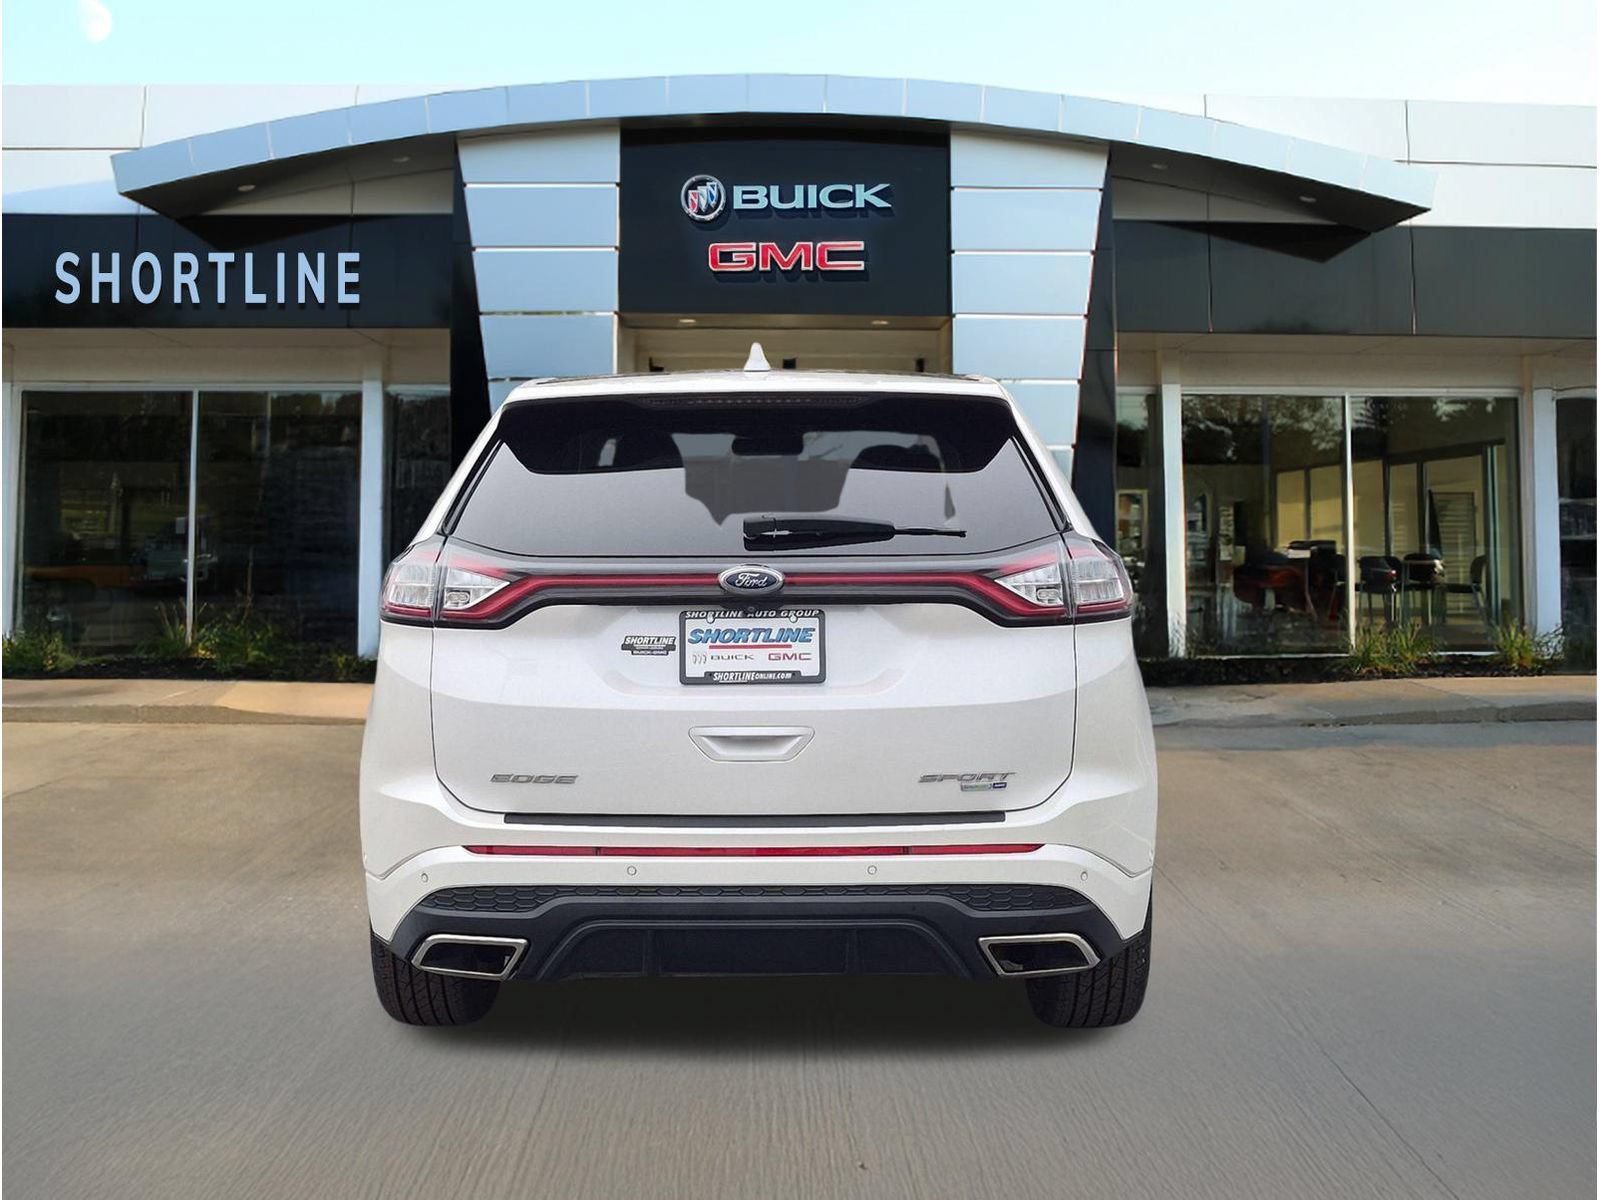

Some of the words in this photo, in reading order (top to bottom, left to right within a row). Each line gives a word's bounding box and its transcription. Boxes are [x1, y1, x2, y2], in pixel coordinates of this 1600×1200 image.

[733, 183, 892, 210] BUICK
[709, 241, 865, 272] GMC
[54, 251, 360, 305] SHORTLINE
[735, 572, 768, 587] Ford
[685, 610, 743, 618] SHORTLINE
[780, 609, 820, 618] GROUP
[624, 636, 675, 645] SHORTLINE
[687, 628, 816, 644] SHORTLINE
[710, 653, 755, 661] BUICK
[767, 652, 812, 661] GMC
[489, 773, 579, 785] EDGE
[918, 772, 1017, 783] SPORT

> _EXERCISE GOAL_
Each line of the data must be transcribed exactly; pictures are not carried over.

> _RESPONSE_
Some of the words in this photo, in reading order (top to bottom, left to right within a row). Each line gives a word's bounding box and its transcription. Boxes are [x1, y1, x2, y2], in pixel coordinates of this 1600×1200 image.

[733, 183, 892, 210] BUICK
[709, 241, 865, 272] GMC
[54, 251, 360, 305] SHORTLINE
[735, 572, 768, 587] Ford
[685, 610, 743, 618] SHORTLINE
[780, 609, 820, 618] GROUP
[624, 636, 675, 645] SHORTLINE
[687, 628, 816, 644] SHORTLINE
[710, 653, 755, 661] BUICK
[767, 652, 812, 661] GMC
[489, 773, 579, 785] EDGE
[918, 772, 1017, 783] SPORT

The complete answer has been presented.